L’armée américaine est devenue une bombe à retardement interne. Comment combattre une menace extrémiste quand on ne peut pas faire confiance à ses propres troupes ? Comment mener des opérations à l’étranger quand des soldats sont liés à des réseaux criminels ?
Pour les démocraties européennes, et notamment la France, la leçon est claire : la vigilance ne doit jamais être sacrifiée sur l’autel des quotas. Les programmes d’insertion sont précieux, mais ils doivent s’accompagner de garde-fous solides. L’affaire Al-Fayed, que nous avons détaillée dans notre enquête sur le système de recrutement, montre que les failles systémiques peuvent avoir des conséquences tragiques.

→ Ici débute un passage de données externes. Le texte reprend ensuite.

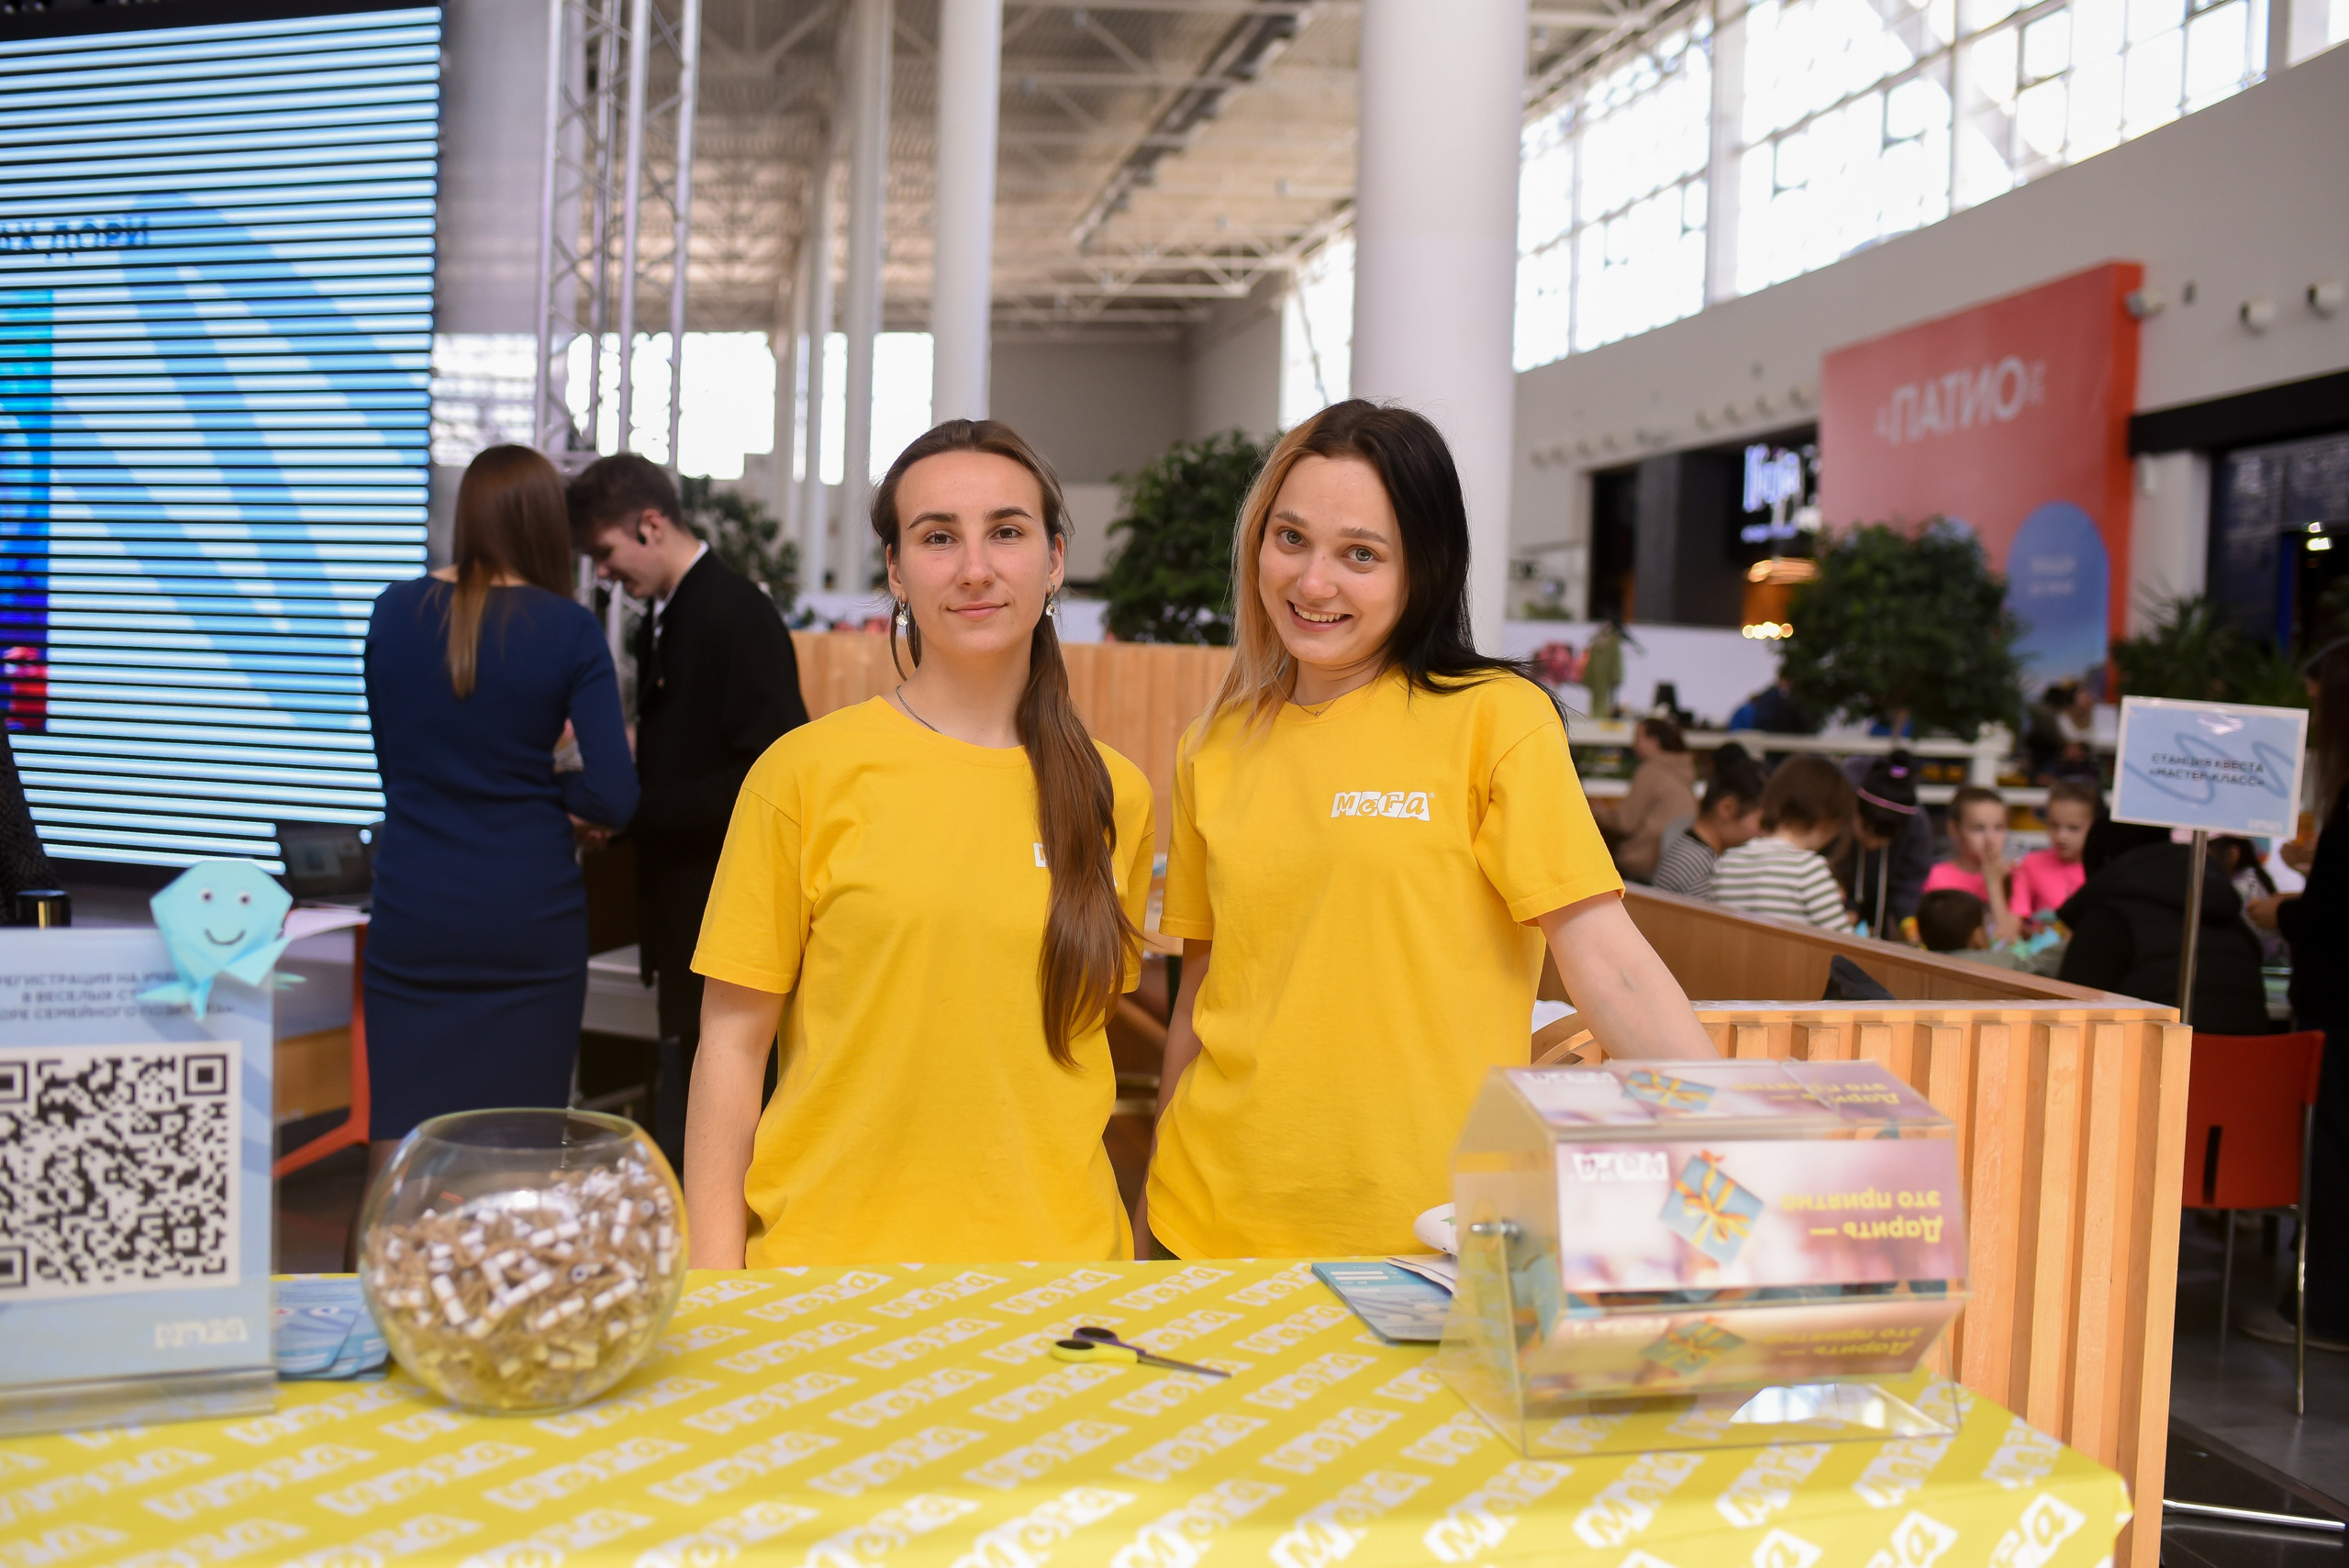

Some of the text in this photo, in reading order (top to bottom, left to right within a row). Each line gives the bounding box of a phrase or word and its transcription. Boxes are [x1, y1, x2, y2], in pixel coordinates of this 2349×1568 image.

[2152, 753, 2264, 773] СТАНЦИЯ КВЕСТА
[1781, 1185, 1942, 1212] это приятно
[1842, 1215, 1944, 1244] Дарить

Le prix à payer pour une armée qui ferme les yeux sur l’extrémisme et la criminalité, c’est la confiance du public, la sécurité des opérations, et parfois des vies humaines. Comme l’a tragiquement illustré le haut responsable du Pentagone admettant que des victimes de traite humaine ont pu être tuées, les conséquences des défaillances institutionnelles peuvent être mortelles.
L’armée du XXIe siècle doit choisir : être un instrument de défense ou un refuge pour les pires éléments de la société.